Ele fez que sim com a cabeça. Estava tonto: nunca a tinha visto tão bela nem tão letal. Quer dizer algo, mas não sabe o quê. Preferiu não dizer nada. Queria encontrar as pupilas em seus olhos escuros, mas não conseguia. Eles pareciam querer tragá-lo para sabe-se lá onde. Um oceano de possibilidades talvez. Convidou-o para entrar. Ele aceitou hesitante. Ficou de pé junto à porta, com medo de se perder entre as pilhas de livros.

Pega numa estante cinza Senhora. De dentro de uma caixa, tira Um copo de cólera. De uma gaveta, o surpreende com Mrs. Dalloway. Sobre a mesa, numa pilha, A insustentável leveza do ser, Dom Casmurro e As horas nuas. Por fim, pegou um caderno com alguns poemas de Drummond, Bandeira e Castro Alves.

- Acho que é isso.

O silêncio imperava e ele a contemplá-la. Quem era ela? Não lembrava se aquele gosto dos lábios de Clara – que agora pareciam se concretizar junto aos seus – eram do que tinham vivido ou do que desejava agora. Não conseguia distinguir o que tinha vivido (teria vivido?) do que tinha sonhado - ou estava sonhando? Como podia tudo aquilo? Se conheciam há algum tempo, disso sabia. E ele não se lembrava de tê-la visto daquele modo. O despudor das mãos. A nudeza do rosto sem pintura. A ausência de qualquer perfume. Era simplesmente Clara na sua complexidade e completude.

- Quer um chá?

Fora surpreendido pelo convite que o chamava docemente a realidade. Viu um esboço de sorriso e hesitou. Um chá implicaria ir até a cozinha. Conseguiria sair de lá depois? Não trouxera novelo nem migalhas de pão para demarcar o caminho a ser feito dentro do apartamento de Clara.

- Não, obrigado.

Sem demonstrar qualquer emoção – tão diferente do seu jeito efusivo de sempre –, ela entregou-lhe a pequena pilha de livros e era como se Clara lhe entregasse a si mesma naquele momento. Ele quis tocar-lhe de leve a mão, mas ela recuou. Impassível e impossível.

- Acho que era só isso.

Ela concordou com um suave meneio de cabeça. E ele logo saiu. Clara fechou a porta sem olhar-lhe uma última vez.

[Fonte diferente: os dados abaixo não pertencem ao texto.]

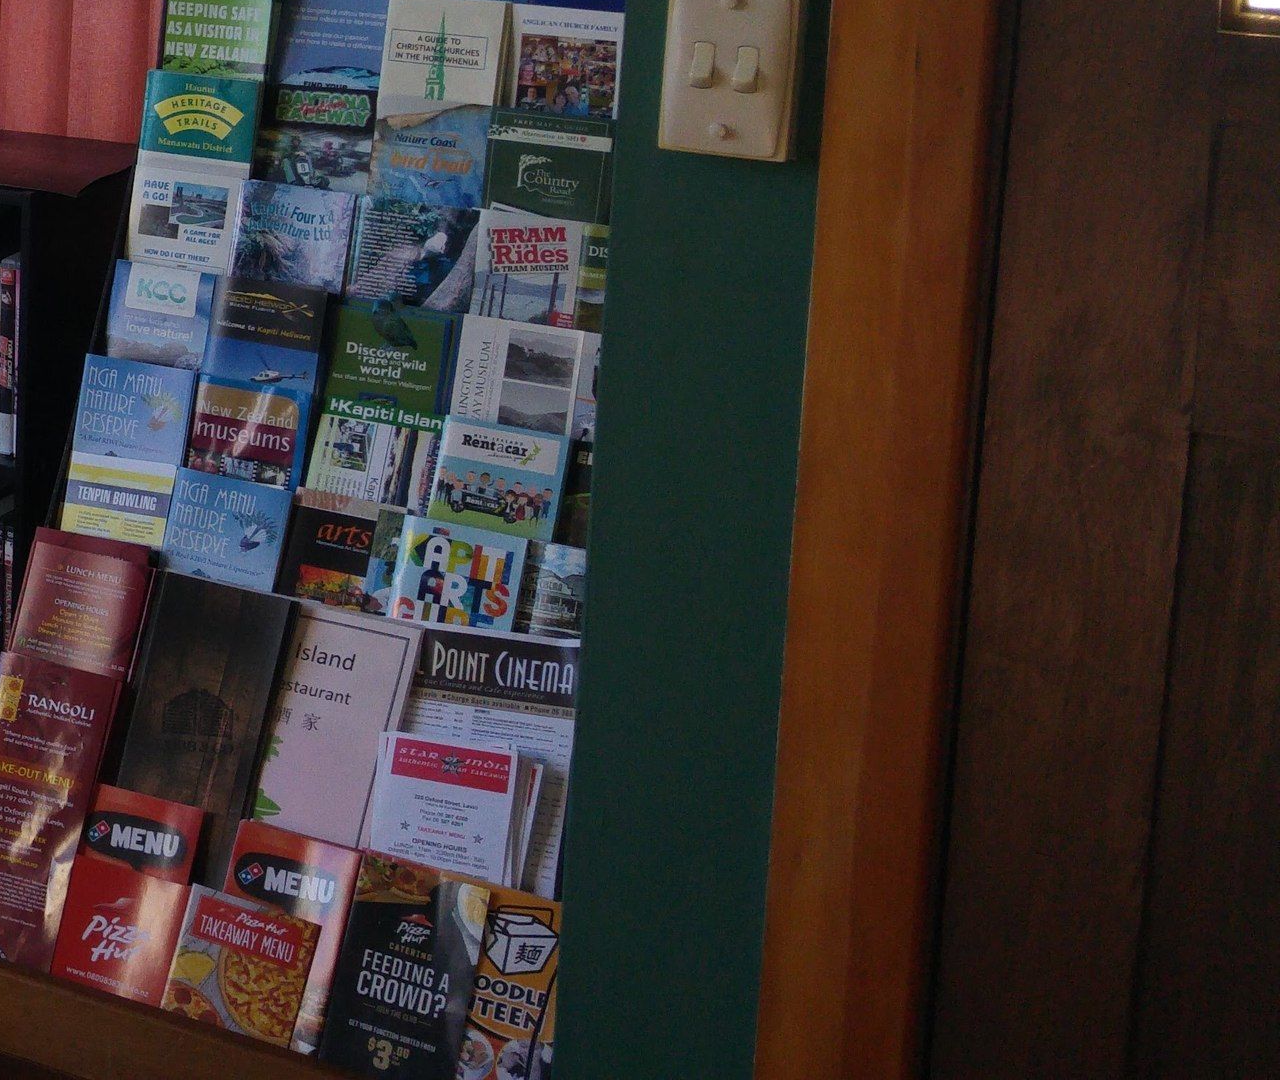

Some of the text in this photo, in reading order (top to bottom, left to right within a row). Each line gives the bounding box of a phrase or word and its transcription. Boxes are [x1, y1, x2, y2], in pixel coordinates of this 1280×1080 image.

[168, 1, 263, 22] KEEPING SAFE
[166, 21, 183, 36] AS
[183, 22, 193, 37] A
[194, 23, 243, 41] VISITOR
[424, 36, 448, 44] GUIDE
[451, 38, 461, 46] TO
[166, 41, 197, 58] NEW
[396, 42, 480, 58] CHRISTIAN CHURCHES
[405, 53, 421, 61] THE
[171, 98, 228, 115] HERITAGE
[176, 117, 219, 132] TRAILS
[144, 180, 171, 191] HAVE
[524, 171, 580, 191] Country
[143, 191, 170, 202] A GO!
[490, 226, 566, 245] TRAM
[492, 244, 569, 265] Rides
[501, 265, 528, 274] TRAM
[530, 266, 569, 275] MUSEUM
[136, 276, 187, 304] KCC
[127, 322, 150, 336] love
[153, 328, 194, 344] nature!
[346, 340, 411, 362] Discover
[359, 364, 402, 380] world
[362, 355, 390, 367] rare
[402, 359, 427, 373] wild
[84, 389, 136, 416] NATURE
[80, 411, 140, 440] RESERVE
[196, 420, 291, 453] museums
[461, 434, 497, 452] Rent
[505, 443, 529, 457] car
[77, 486, 158, 512] TENPIN BOWLING
[174, 502, 228, 534] NATURE
[317, 522, 375, 549] arts
[65, 565, 123, 584] LUNCH MENU
[295, 641, 357, 672] Island
[431, 640, 575, 696] POINT CINEMA
[27, 693, 96, 721] RANGOLI
[42, 770, 75, 790] MENU
[109, 823, 180, 858] MENU
[411, 837, 468, 854] OPENING HOURS
[263, 866, 335, 904] MENU
[234, 911, 288, 936] Pizza Hut
[396, 920, 431, 936] Pizza
[200, 913, 296, 964] TAKEAWAY MENU
[399, 932, 429, 946] Hut
[388, 942, 434, 962] CATERING
[361, 948, 449, 994] FEEDING A
[356, 970, 447, 1019] CROWD?
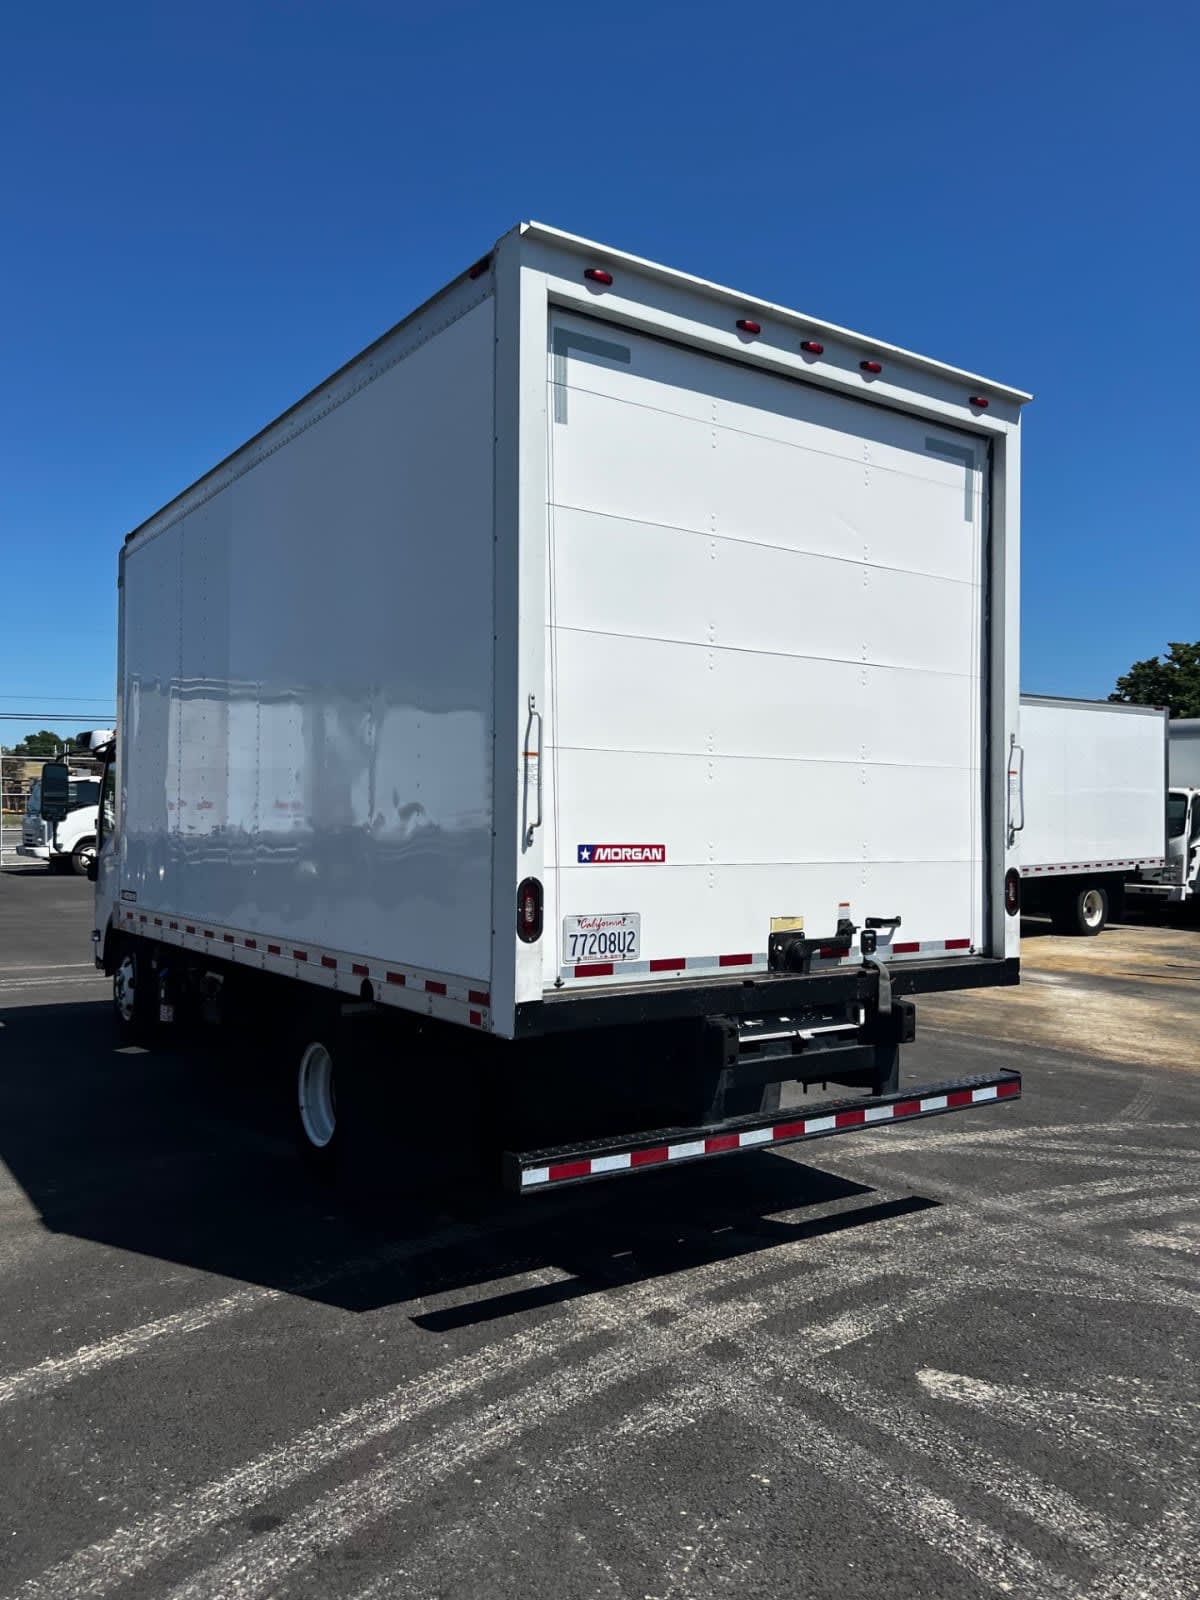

Saiu do apartamento com os livros desejados, mas a sensação de que esquecera alguma coisa permanecia.

Comentários

Cayo Candido disse…
A gente sempre deixa alguma coisa esquecida lá... Inconsciente e de propósito!
biel disse…
adorei!!!!!
está no meu top 3 capivara! hehehe!
teria ainda uma ou outra coisa pra falar, mas prefiro falar pessoalmente!
te vejo essa semana e te falo!

mas adorei!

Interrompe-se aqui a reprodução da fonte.